**What you are asked to do**
Look for the line containing "this 1280×1280 image." in the entries below, then print that line and all that follow it exactly.

**Image-backed grounding data**
────────────────

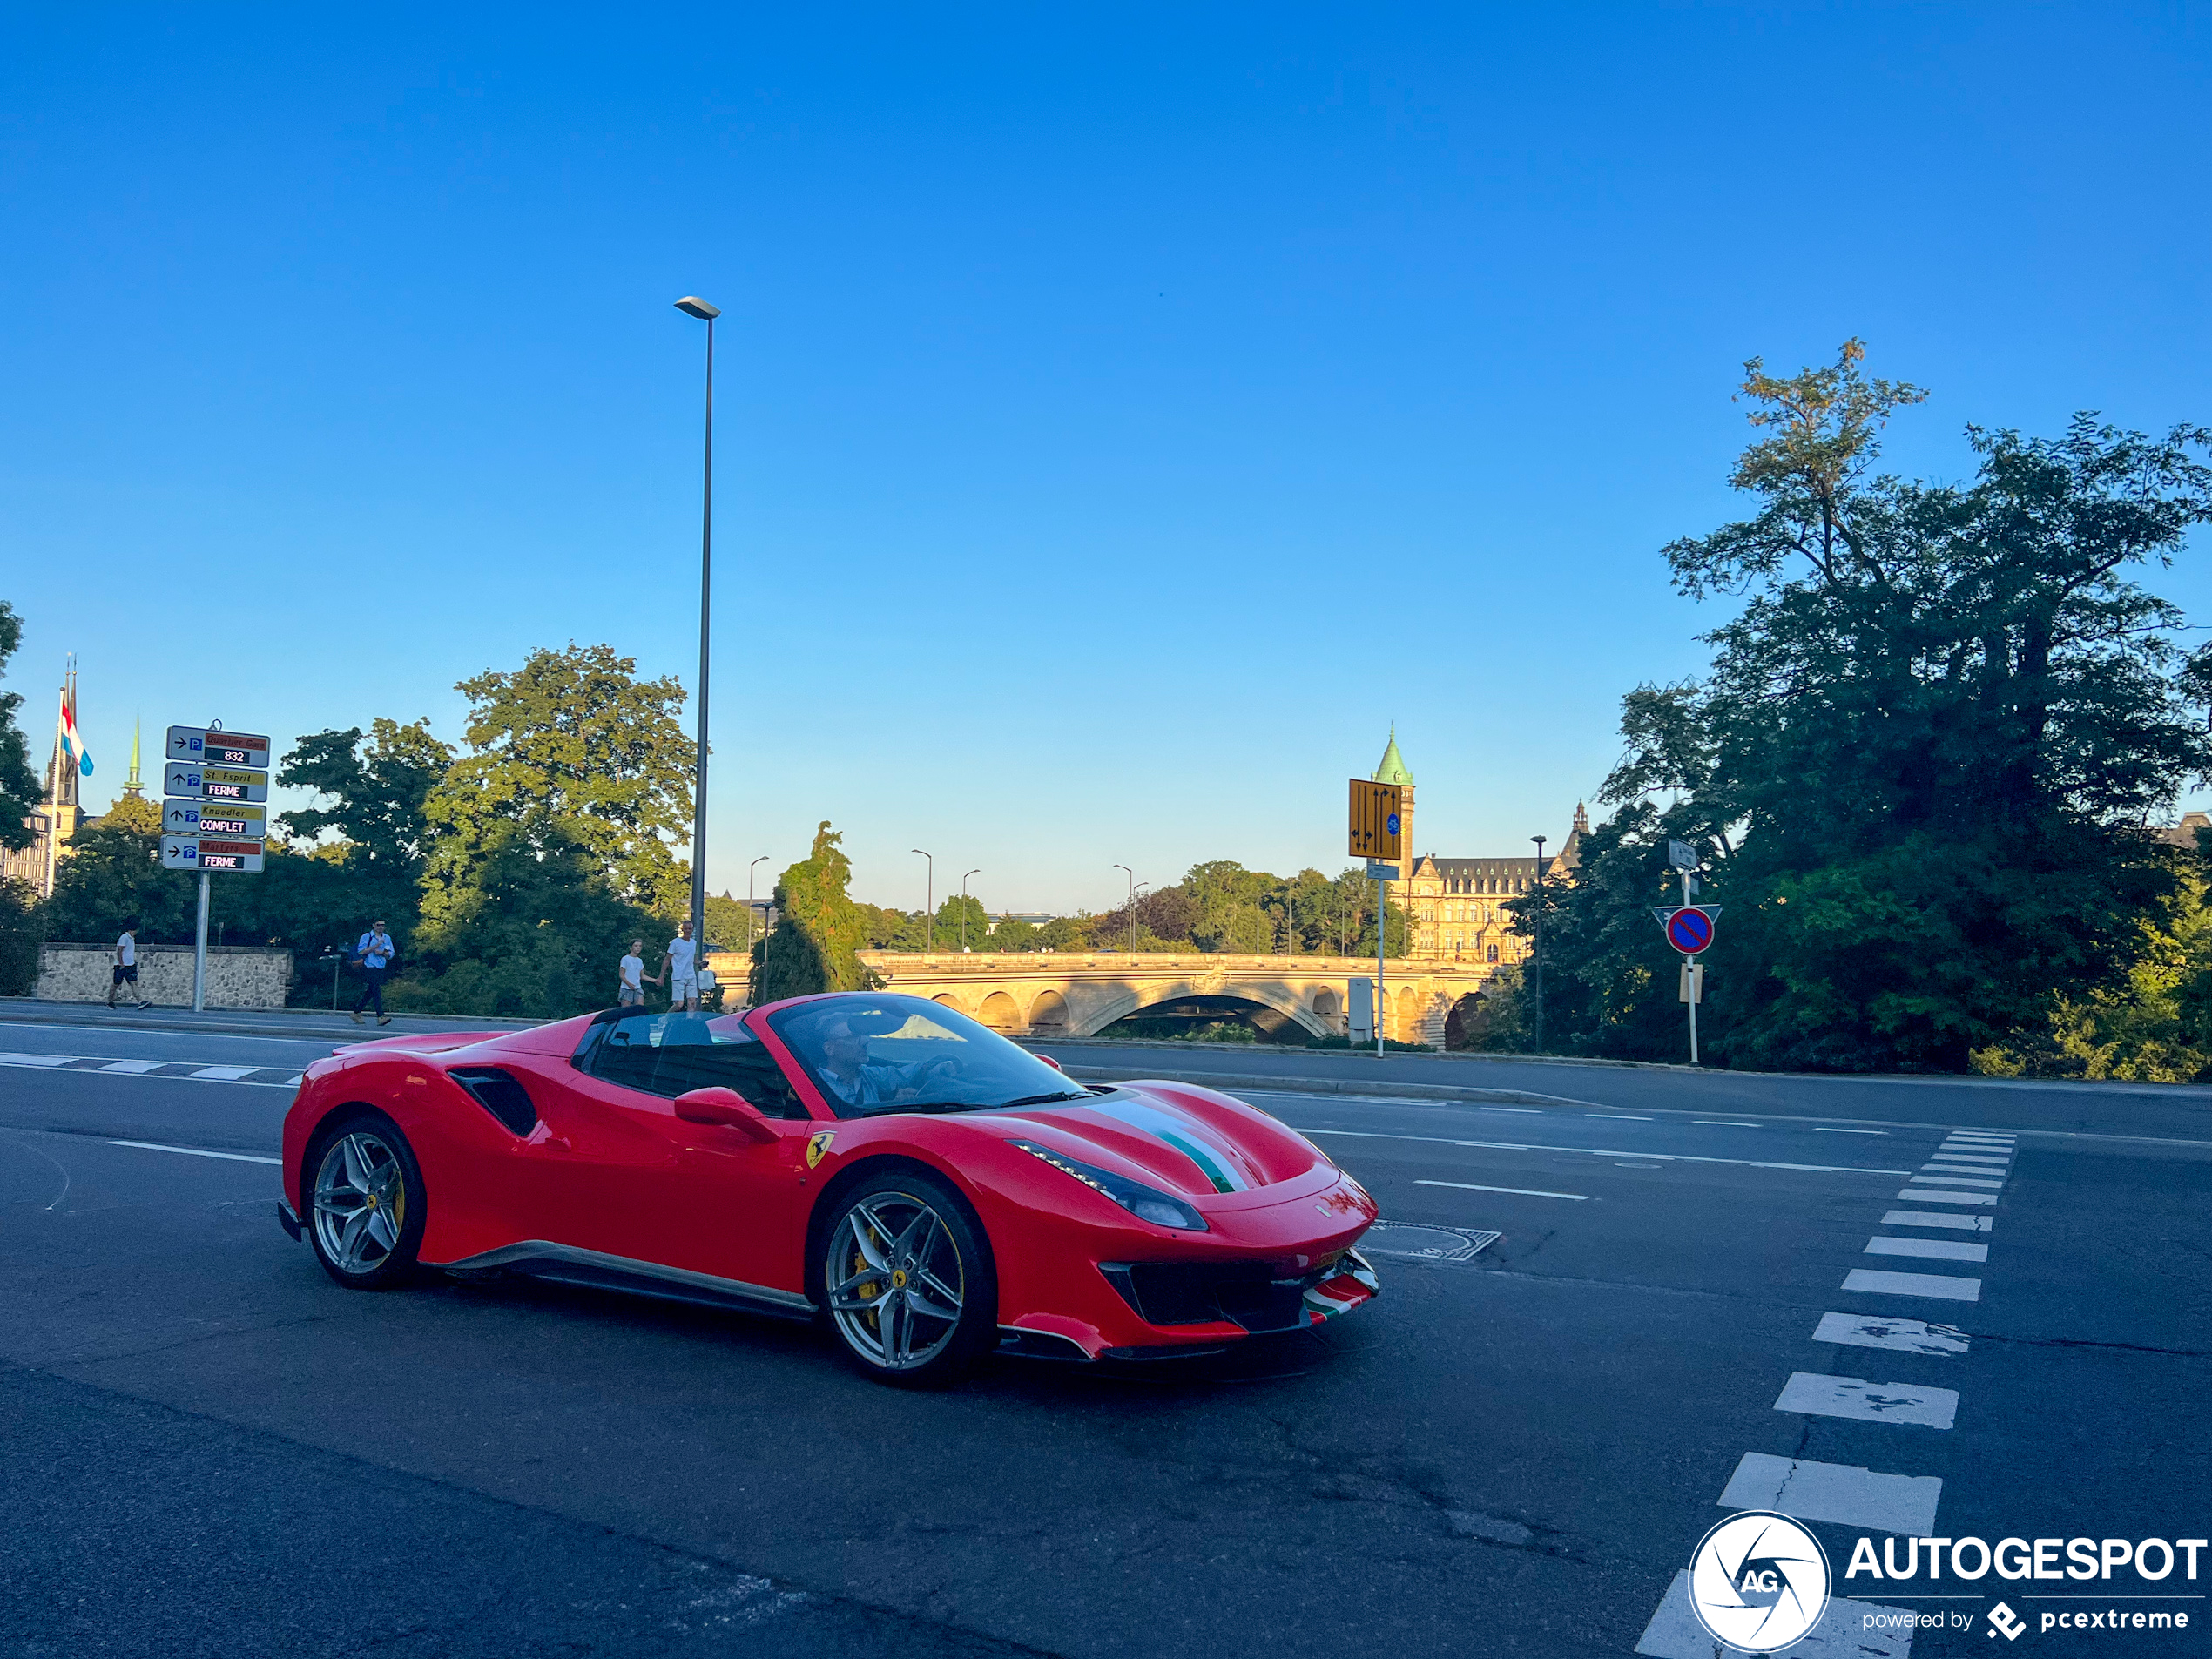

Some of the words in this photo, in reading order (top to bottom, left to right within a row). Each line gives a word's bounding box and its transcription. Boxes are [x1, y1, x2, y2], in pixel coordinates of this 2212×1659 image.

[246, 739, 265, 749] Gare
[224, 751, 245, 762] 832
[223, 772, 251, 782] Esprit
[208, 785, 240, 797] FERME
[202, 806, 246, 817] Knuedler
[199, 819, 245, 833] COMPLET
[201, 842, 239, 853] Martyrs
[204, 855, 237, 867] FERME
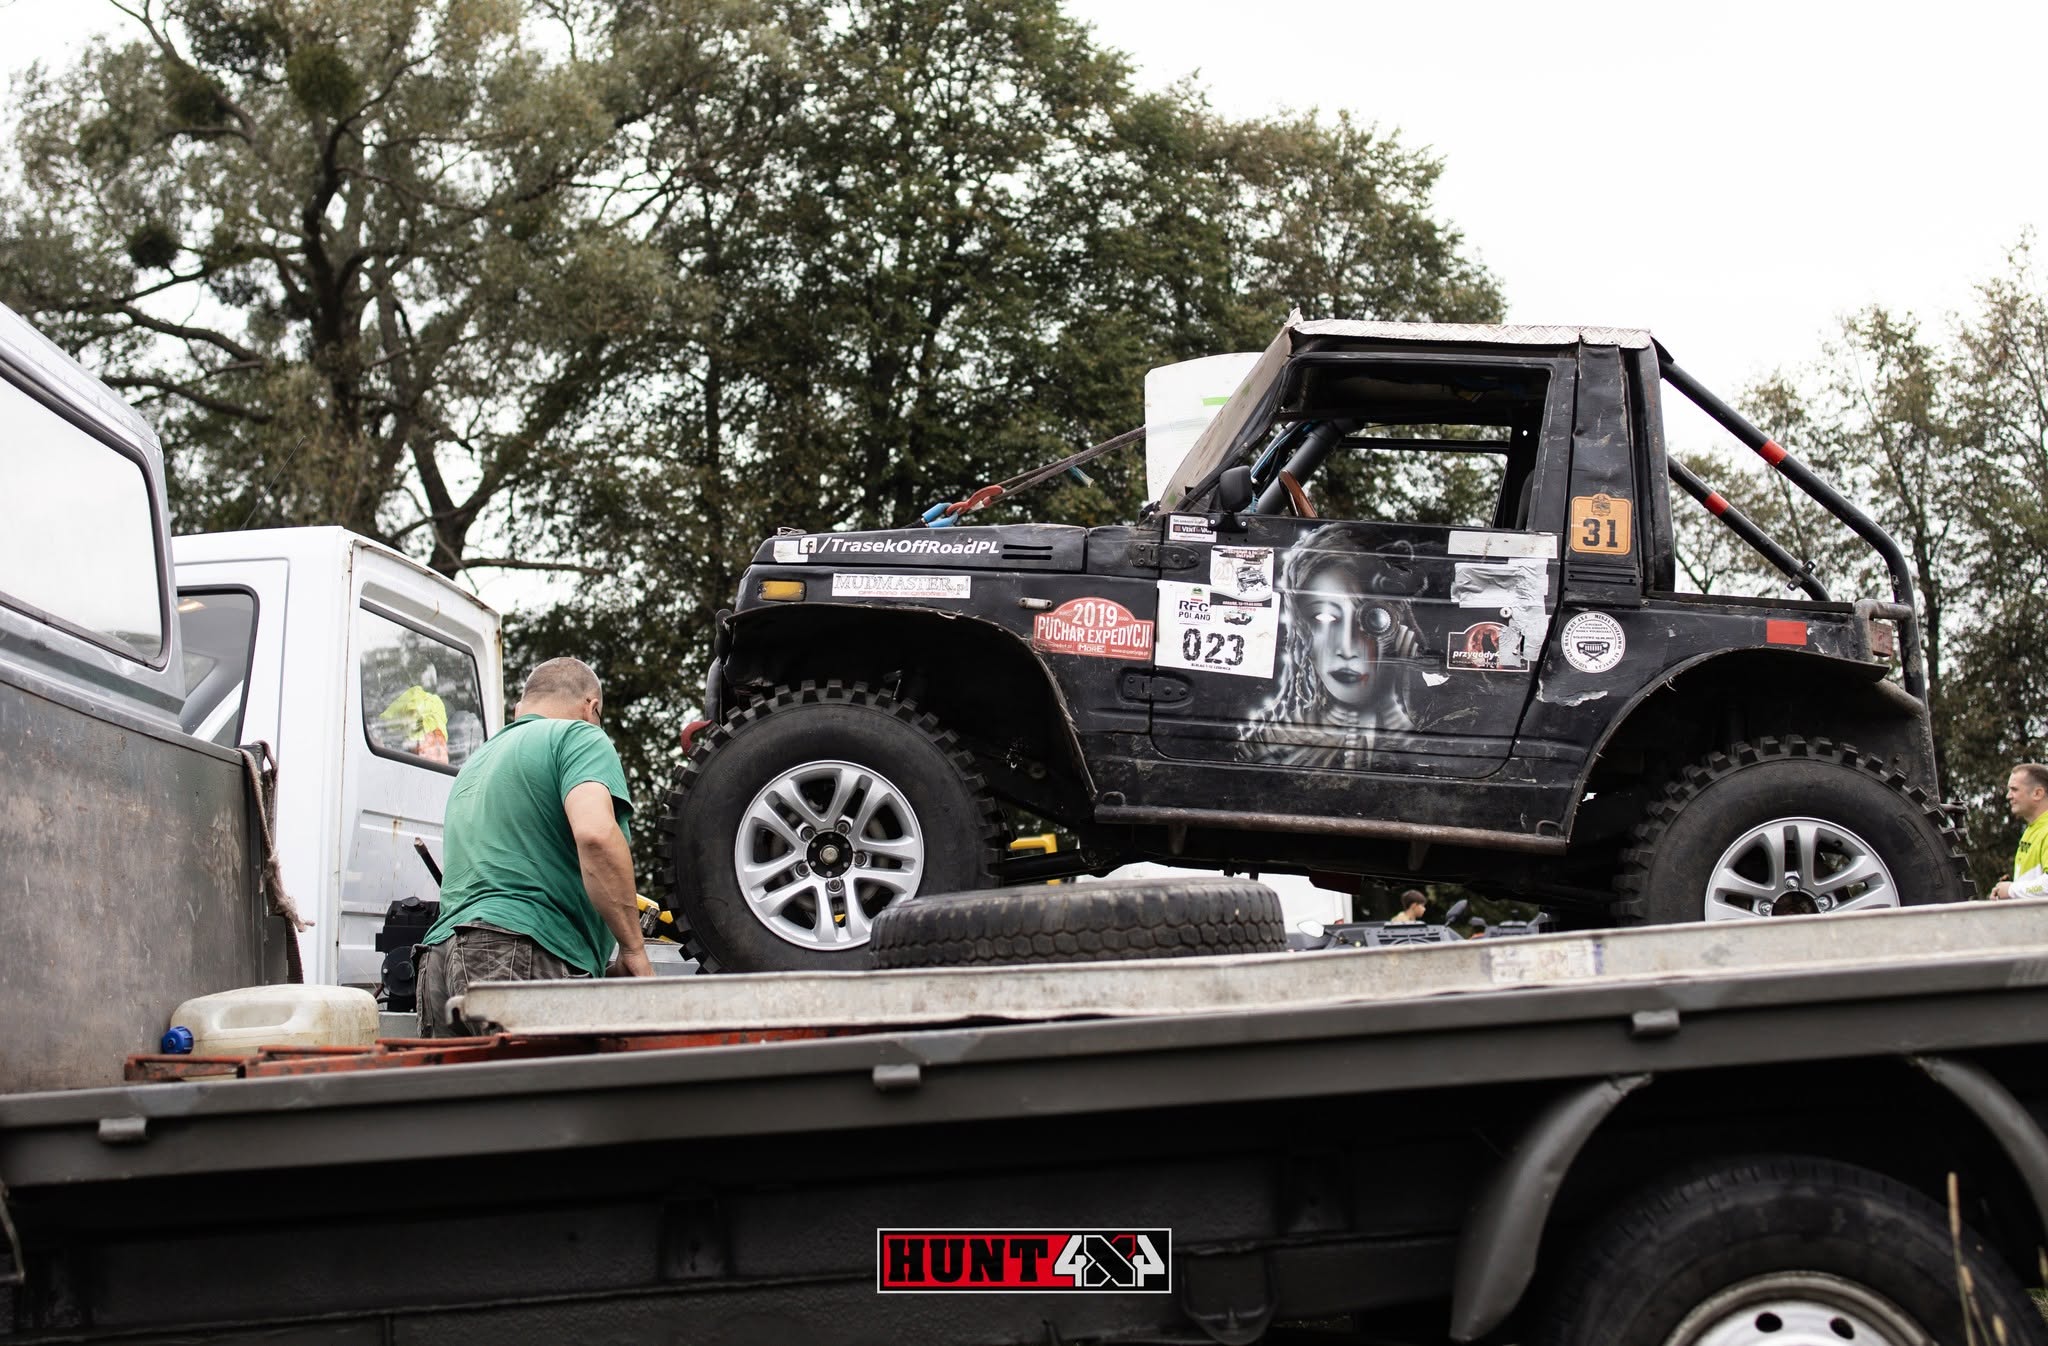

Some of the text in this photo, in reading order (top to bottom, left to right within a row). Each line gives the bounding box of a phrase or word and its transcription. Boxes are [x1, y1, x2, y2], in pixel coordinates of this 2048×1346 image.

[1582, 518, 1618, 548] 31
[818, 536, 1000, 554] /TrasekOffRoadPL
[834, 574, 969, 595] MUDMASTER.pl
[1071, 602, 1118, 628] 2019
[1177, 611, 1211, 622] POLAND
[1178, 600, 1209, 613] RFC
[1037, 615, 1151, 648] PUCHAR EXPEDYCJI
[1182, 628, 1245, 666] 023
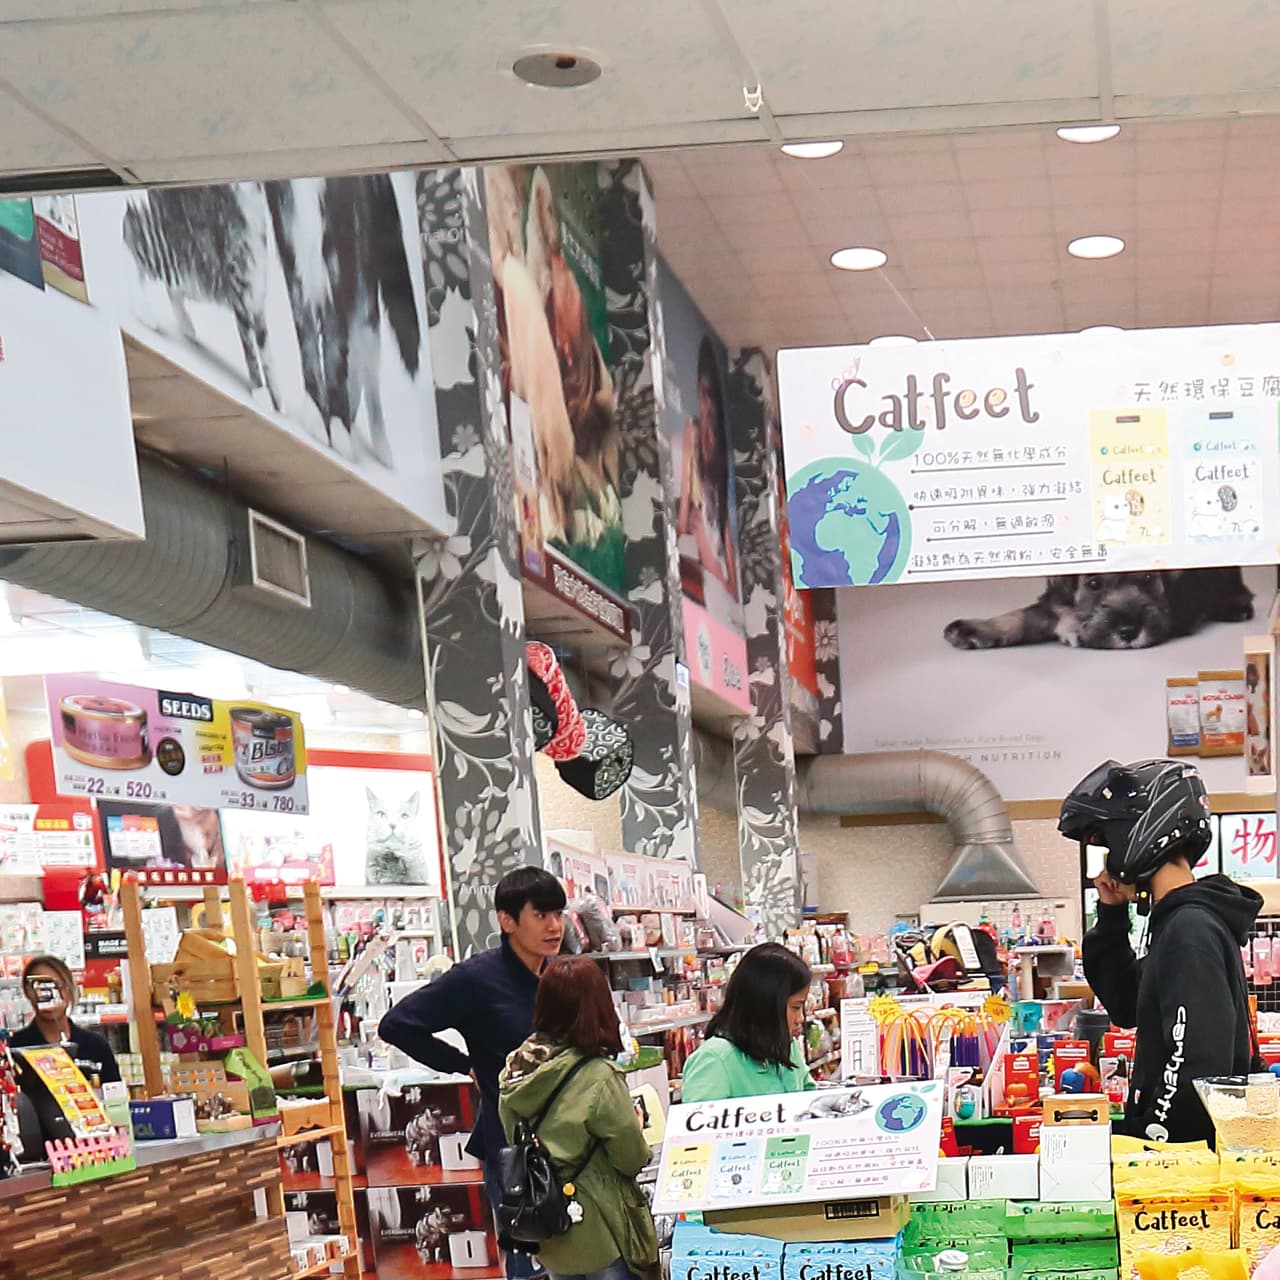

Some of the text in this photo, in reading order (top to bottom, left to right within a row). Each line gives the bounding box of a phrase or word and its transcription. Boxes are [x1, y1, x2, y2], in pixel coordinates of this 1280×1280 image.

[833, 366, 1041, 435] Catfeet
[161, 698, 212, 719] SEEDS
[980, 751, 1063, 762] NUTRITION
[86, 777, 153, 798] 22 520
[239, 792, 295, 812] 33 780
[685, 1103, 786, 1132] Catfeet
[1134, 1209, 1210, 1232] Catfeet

────────────────

**Exercise output**
Some of the text in this photo, in reading order (top to bottom, left to right within a row). Each line gives the bounding box of a phrase or word and its transcription. Boxes are [x1, y1, x2, y2], in pixel coordinates of this 1280×1280 image.

[833, 366, 1041, 435] Catfeet
[161, 698, 212, 719] SEEDS
[980, 751, 1063, 762] NUTRITION
[86, 777, 153, 798] 22 520
[239, 792, 295, 812] 33 780
[685, 1103, 786, 1132] Catfeet
[1134, 1209, 1210, 1232] Catfeet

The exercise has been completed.